Images for object localization =
□ □ □ □

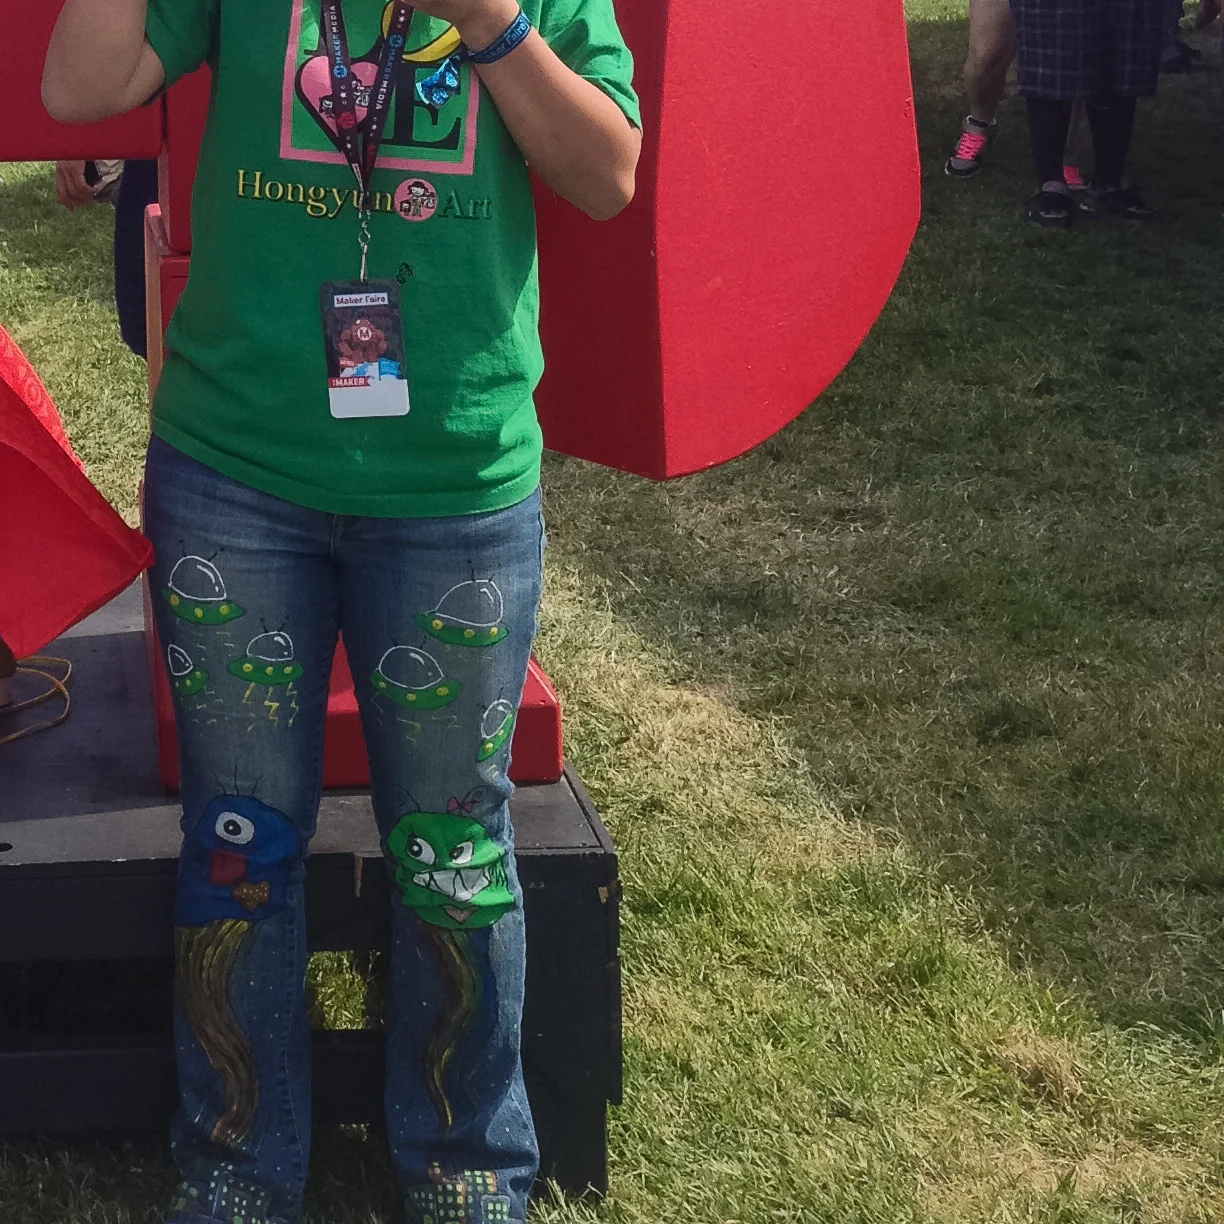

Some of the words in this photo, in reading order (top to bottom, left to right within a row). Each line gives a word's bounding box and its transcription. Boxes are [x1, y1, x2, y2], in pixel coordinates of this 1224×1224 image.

[330, 5, 339, 34] MEDIA
[376, 80, 389, 110] MEDIA
[438, 188, 492, 220] Art
[335, 296, 363, 306] Maker
[365, 295, 387, 305] Faire
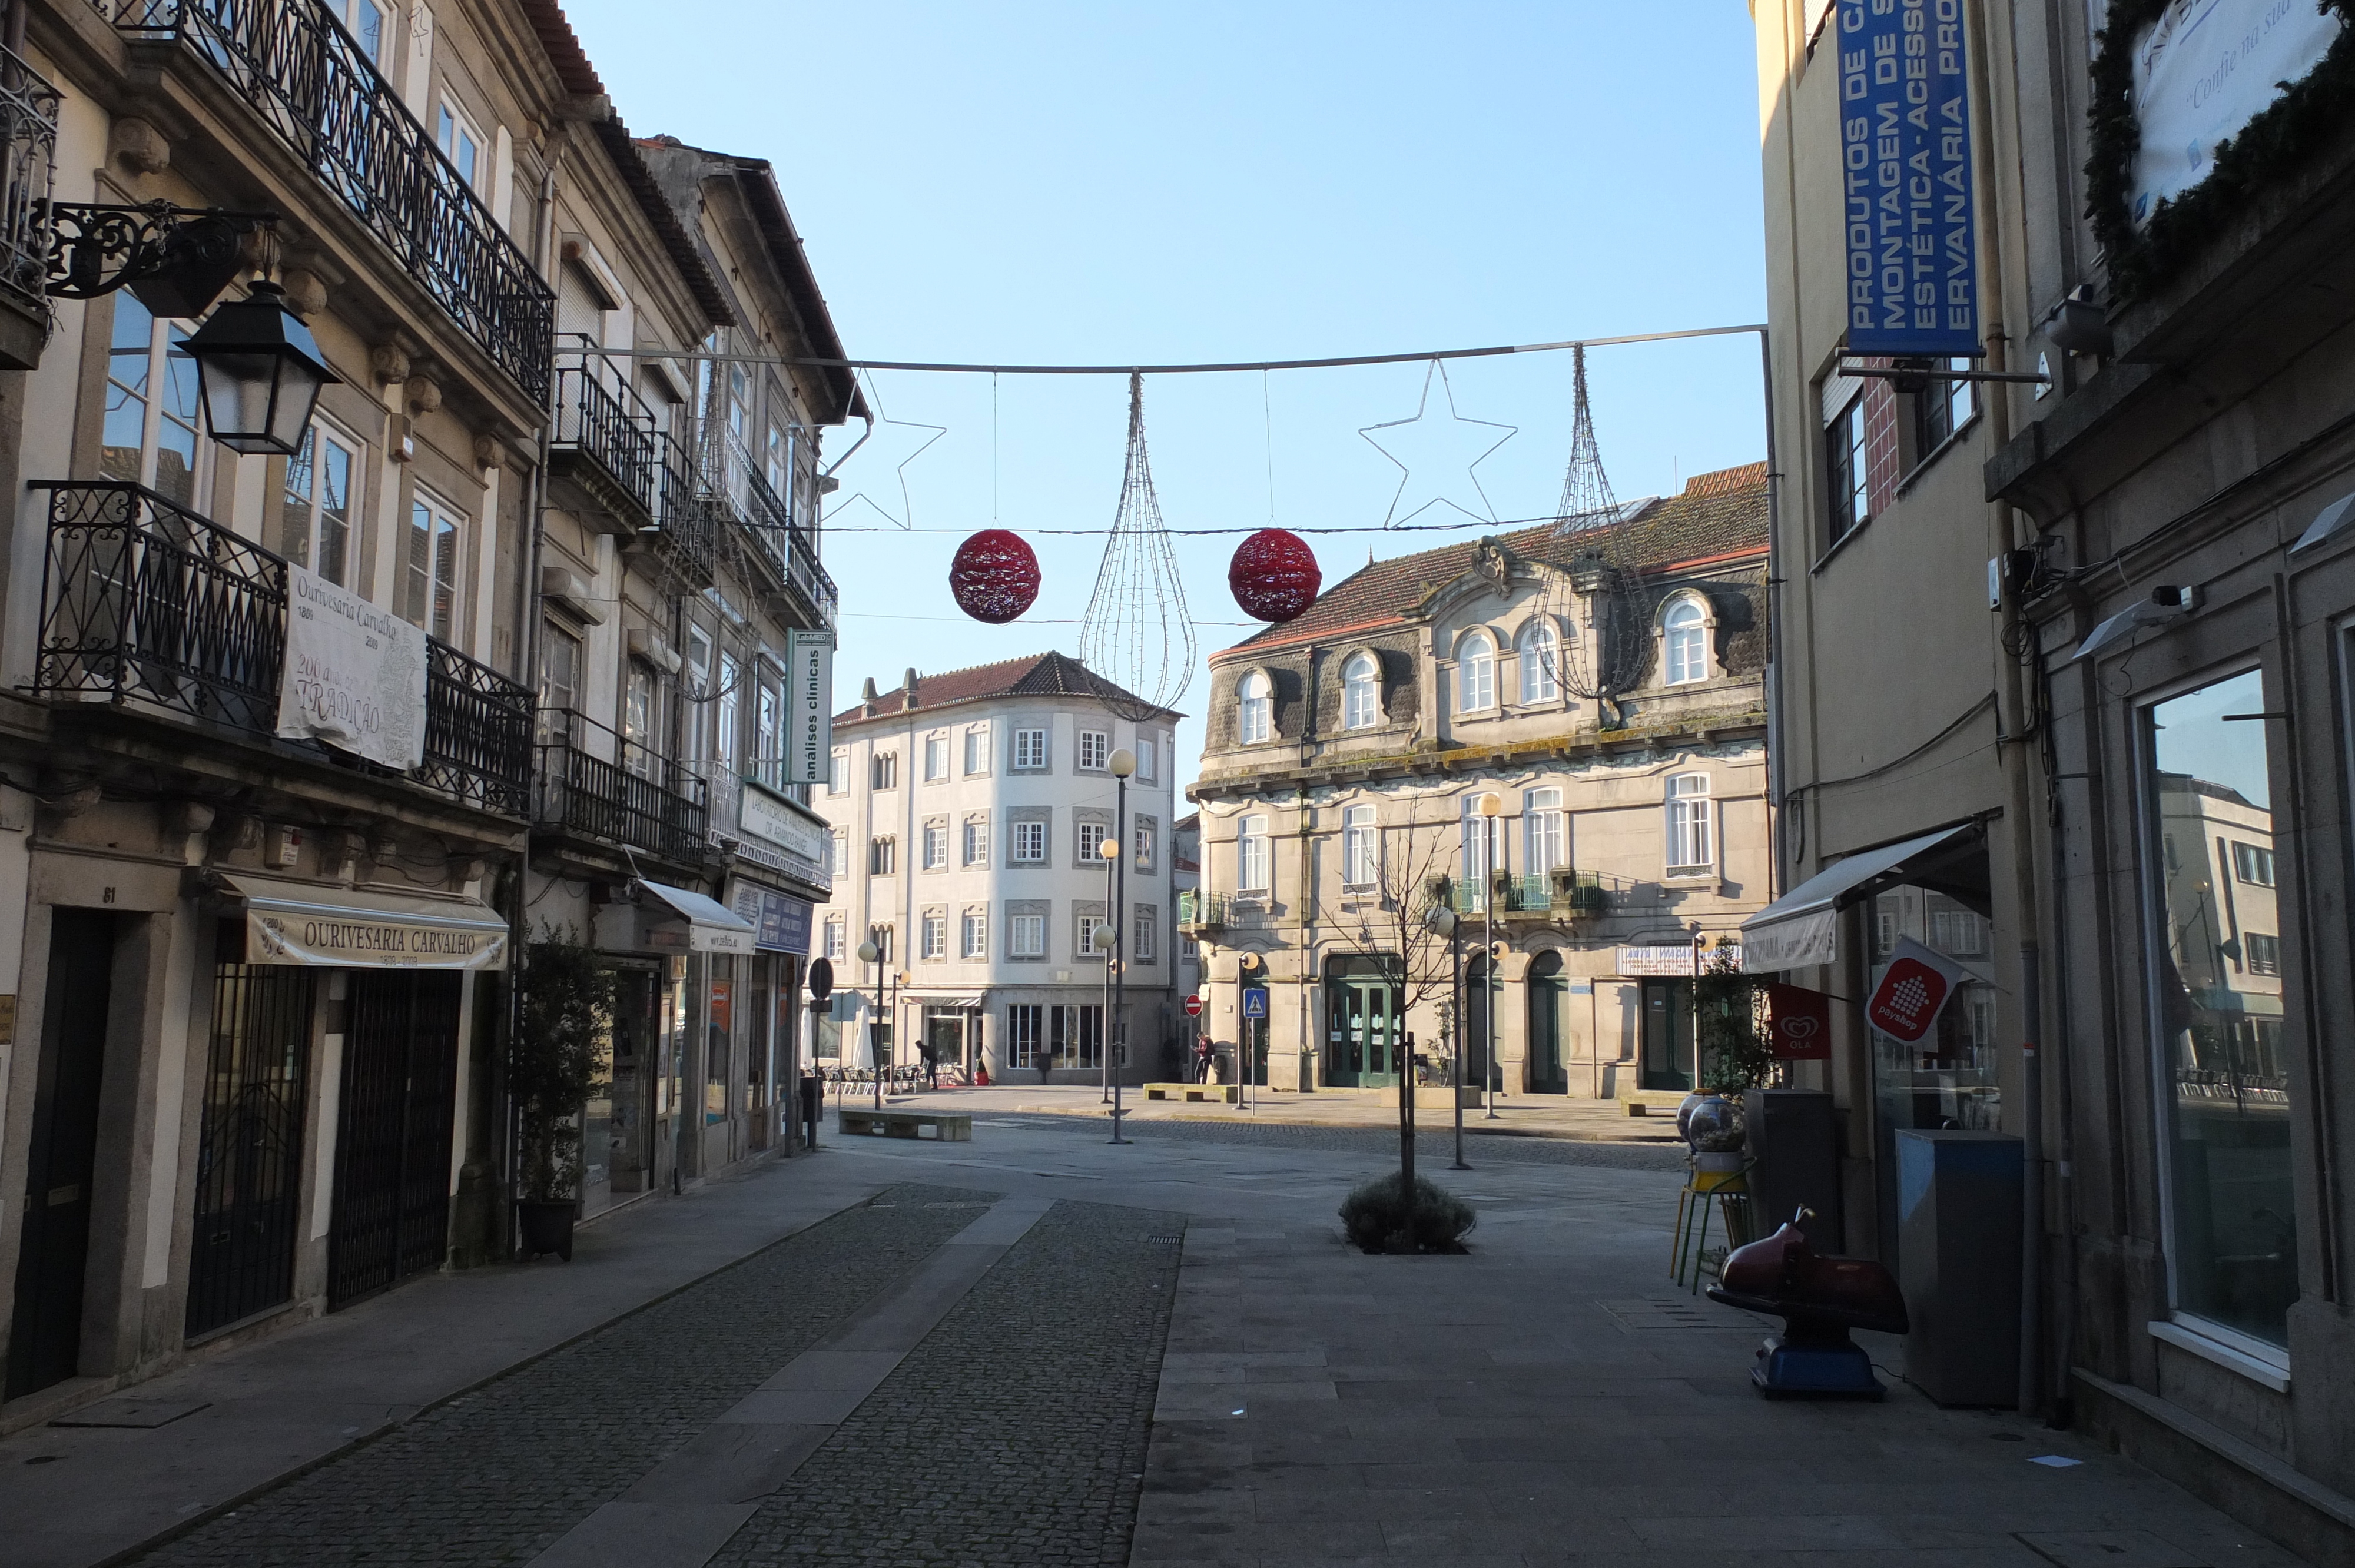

□ □ □ □

Exercise aim =
The reply is to be all the records above, transcribed exactly, with no pictures.

Reply to the exercise =
Some of the words in this photo, in reading order (top to bottom, left to right within a row). Each line gives a word's bounding box and its transcription. Boxes are [x1, y1, x2, y2], in pixel coordinates of this 1224×1224 image.

[330, 5, 339, 34] MEDIA
[376, 80, 389, 110] MEDIA
[438, 188, 492, 220] Art
[335, 296, 363, 306] Maker
[365, 295, 387, 305] Faire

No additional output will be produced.